In [31]:
## Import packages and initial data ##

from sklearn.model_selection import train_test_split
import pandas
import numpy
import warnings
from sklearn import preprocessing
from sklearn import metrics
from sklearn.linear_model import LinearRegression

warnings.filterwarnings('ignore')

pandas.set_option('display.max_columns', 500)
pandas.set_option('display.max_rows', 500)
data = pandas.read_csv('ncaab_box_scores.csv')
data = data[data.columns[-47:]]
data['ranked'] = numpy.where(data['team_rank']>0, 1, 0)
data['ranked_opp'] = numpy.where(data['opp_rank']>0, 1, 0)
data['game_date'] = pandas.to_datetime(data['game_date'])
data = pandas.get_dummies(data,prefix=['team_home_away'], columns=['team_home_away'])

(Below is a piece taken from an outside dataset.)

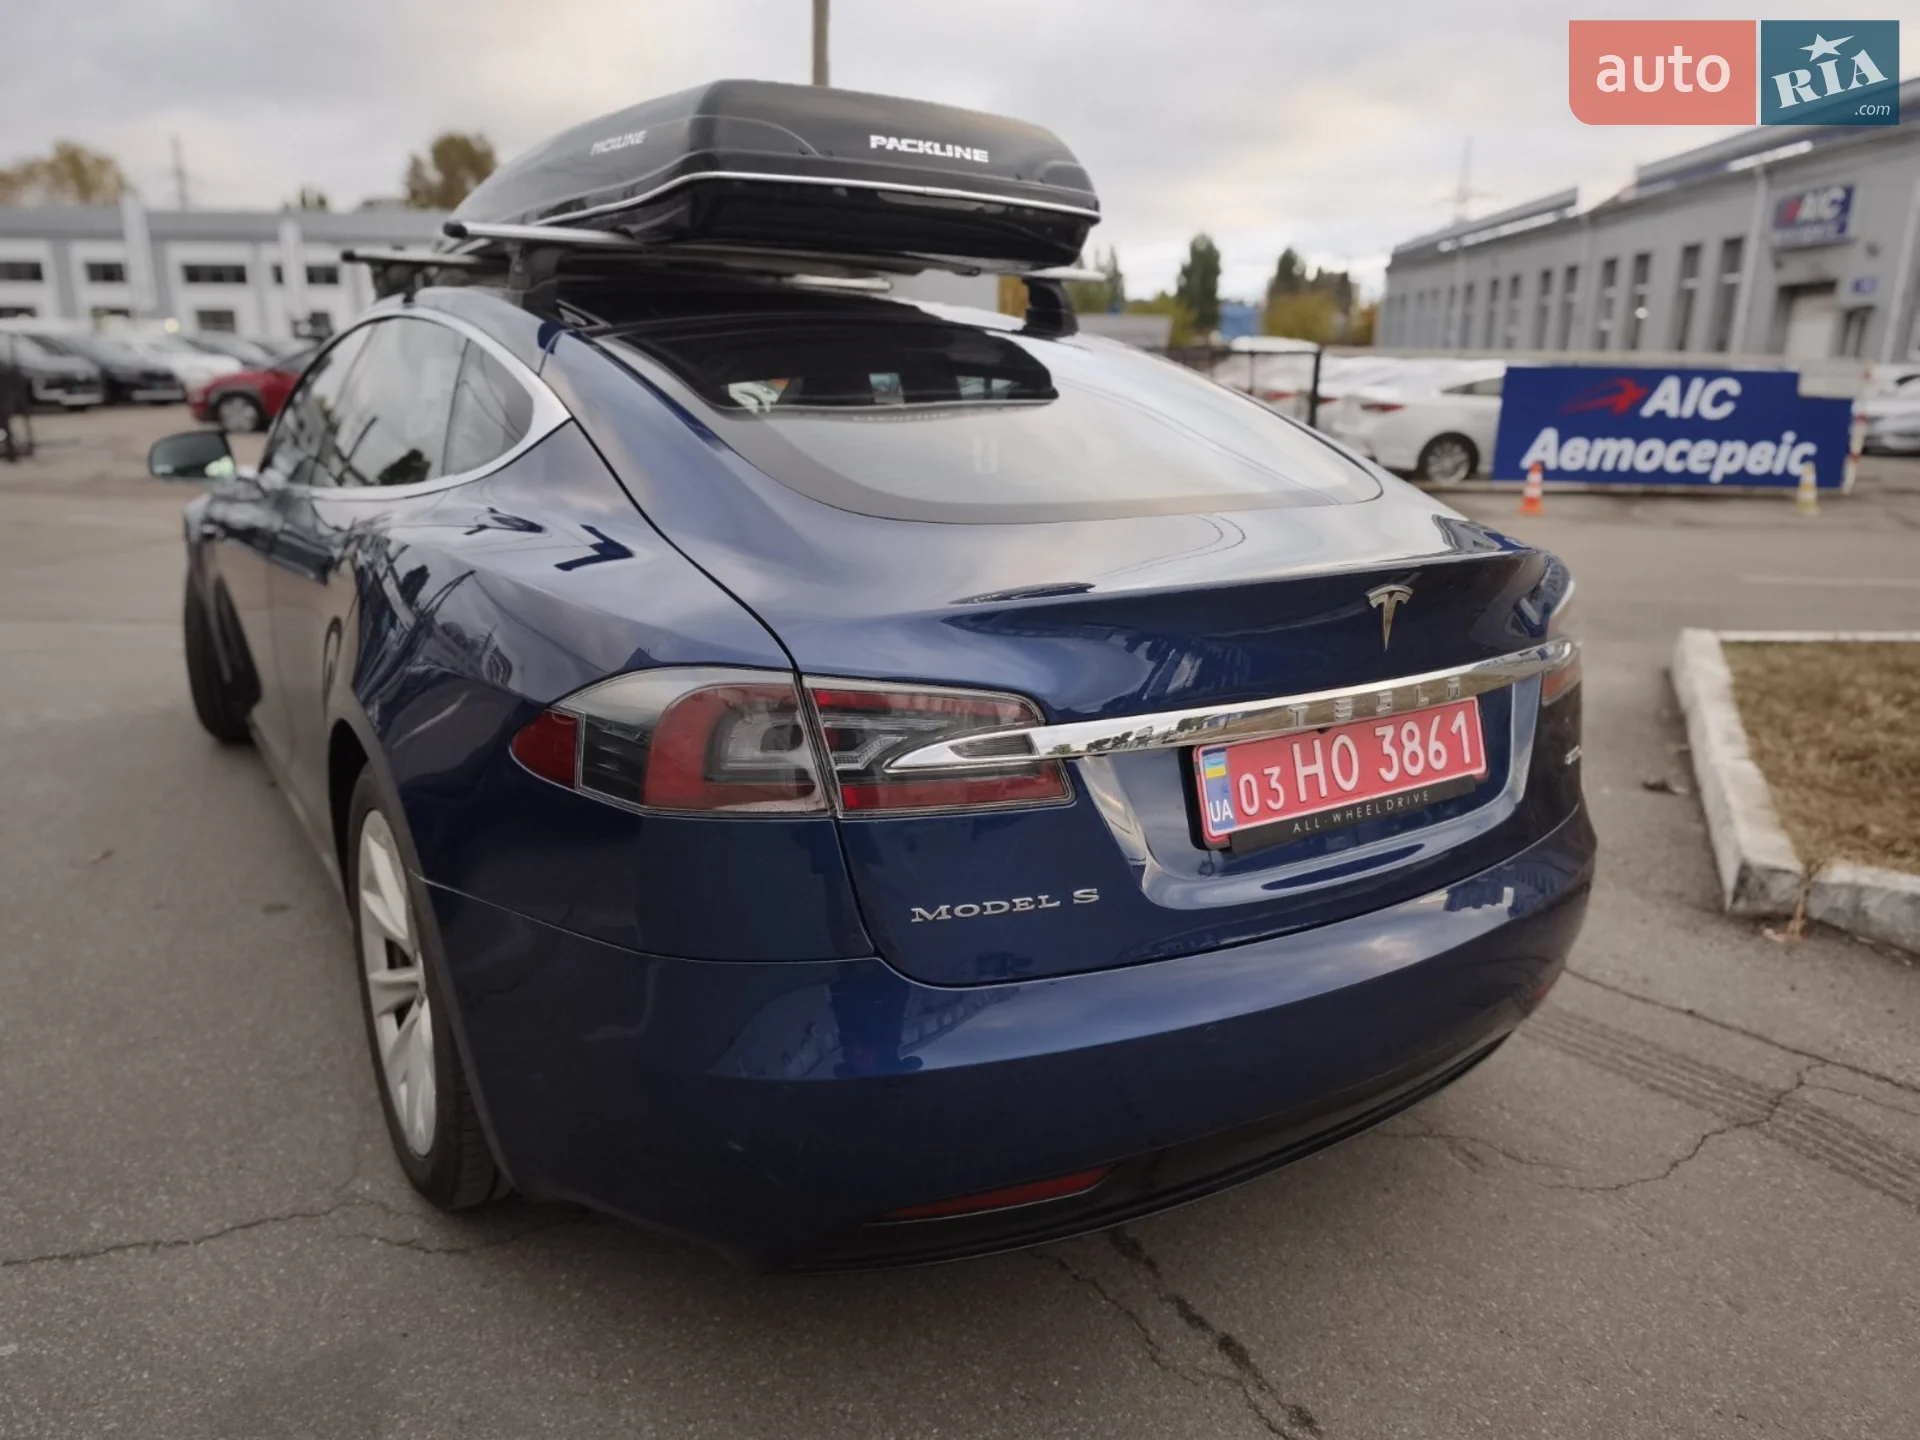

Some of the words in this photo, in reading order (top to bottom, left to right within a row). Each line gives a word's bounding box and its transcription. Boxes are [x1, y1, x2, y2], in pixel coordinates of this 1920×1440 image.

## Transform and order columns ##

drops = ['unique_game','opponent','team_def_rating','opp_def_rating','team_off_rating',
        'opp_off_rating','team_rank','opp_rank','team_eff_fg_pct', 'team_fg_pct','opp_eff_fg_pct', 'opp_fg_pct']
data_transform = data.drop(drops, 1).dropna()
datacols = ['team','team1_assist_pct', 'team1_block_pct',
       'team1_def_reb_pct', 'team1_ft_rate',
       'team1_ft_pct', 'team1_off_reb_pct', 'team1_pts',
       'team1_stl_pct', 'team1_3pt_rate', 'team1_3pt_pct',
       'team1_reb_pct', 'team1_true_shoot_pct', 'team1_to_pct', 'team1_2pt_rate',
       'team1_2pt_pct','team2_assist_pct', 'team2_block_pct',
       'team2_def_reb_pct', 'team2_ft_rate',
       'team2_ft_pct', 'team2_off_reb_pct', 'team2_pts',
       'team2_stl_pct', 'team2_3pt_rate', 'team2_3pt_pct',
       'team2_reb_pct', 'team2_true_shoot_pct', 'team2_to_pct', 'team2_2pt_rate',
       'team2_2pt_pct','team1_pace', 'team1_win_pct','game_date', 'team1_ranked_pct', 'team1_ranked_opp_pct',
       'team1_Away', 'team1_Home']
data_transform.columns = datacols

## Create dictionary of matchups to predict on ##
## Order of dictionary: home team name, 1 for home, 1 for ranked opp, away team name, 0 for away, 1 for ranked opp ##
###################Opportunity to add date filter here now that I am passing through date!!!
matchup_dict = [('PENN-STATE',1,0,'ILLINOIS',0,1),
                ('BAYLOR',1,1,'KANSAS',0,1),
               ('NORTH-CAROLINA-STATE',1,1,'DUKE',0,0)]
matchup_concat = pandas.DataFrame()

## Loop through list to get matchups in correct form ##

for teamname1,home1,rankopp1,teamname2,home2,rankopp2 in matchup_dict:
    team1 = pandas.DataFrame(data_transform[numpy.logical_and(numpy.logical_and(data_transform['team']==teamname1,data_transform['team1_Home']==home1),data_transform['team1_ranked_opp_pct']==rankopp1)].mean())
    team2 = pandas.DataFrame(data_transform[numpy.logical_and(numpy.logical_and(data_transform['team']==teamname2,data_transform['team1_Home']==home2),data_transform['team1_ranked_opp_pct']==rankopp2)].mean())
    team1 = team1.transpose()
    team2 = team2.transpose()
    team1['team1'] = teamname1
    team2['team2'] = teamname2
    matchup = pandas.concat([team1,team2],axis=1)
    matchup_concat = pandas.concat([matchup_concat,matchup],axis=0)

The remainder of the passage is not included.